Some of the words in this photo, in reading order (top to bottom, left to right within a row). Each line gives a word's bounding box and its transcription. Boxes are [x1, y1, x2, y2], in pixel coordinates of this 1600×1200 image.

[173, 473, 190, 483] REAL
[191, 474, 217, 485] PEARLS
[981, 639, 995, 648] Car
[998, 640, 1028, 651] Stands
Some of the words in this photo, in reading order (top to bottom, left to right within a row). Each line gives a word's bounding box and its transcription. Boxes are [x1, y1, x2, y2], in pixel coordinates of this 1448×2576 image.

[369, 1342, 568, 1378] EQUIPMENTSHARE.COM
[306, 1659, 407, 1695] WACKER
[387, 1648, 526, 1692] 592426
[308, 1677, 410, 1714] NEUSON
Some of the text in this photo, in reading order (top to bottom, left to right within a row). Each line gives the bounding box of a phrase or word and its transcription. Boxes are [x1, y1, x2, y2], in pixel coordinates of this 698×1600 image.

_Task to carry out:_
Your task is to transcribe the material exactly.

_Your solution:_
Some of the words in this photo, in reading order (top to bottom, left to right within a row). Each line gives a word's bounding box and its transcription. Boxes are [x1, y1, x2, y2], in pixel coordinates of this 1600×1200 image.

[173, 473, 190, 483] REAL
[191, 474, 217, 485] PEARLS
[981, 639, 995, 648] Car
[998, 640, 1028, 651] Stands
Some of the words in this photo, in reading order (top to bottom, left to right within a row). Each line gives a word's bounding box and its transcription. Boxes are [x1, y1, x2, y2], in pixel coordinates of this 1448×2576 image.

[369, 1342, 568, 1378] EQUIPMENTSHARE.COM
[306, 1659, 407, 1695] WACKER
[387, 1648, 526, 1692] 592426
[308, 1677, 410, 1714] NEUSON
Some of the text in this photo, in reading order (top to bottom, left to right within a row). Each line gives the bounding box of a phrase or word and its transcription. Boxes are [x1, y1, x2, y2], in pixel coordinates of this 698×1600 image.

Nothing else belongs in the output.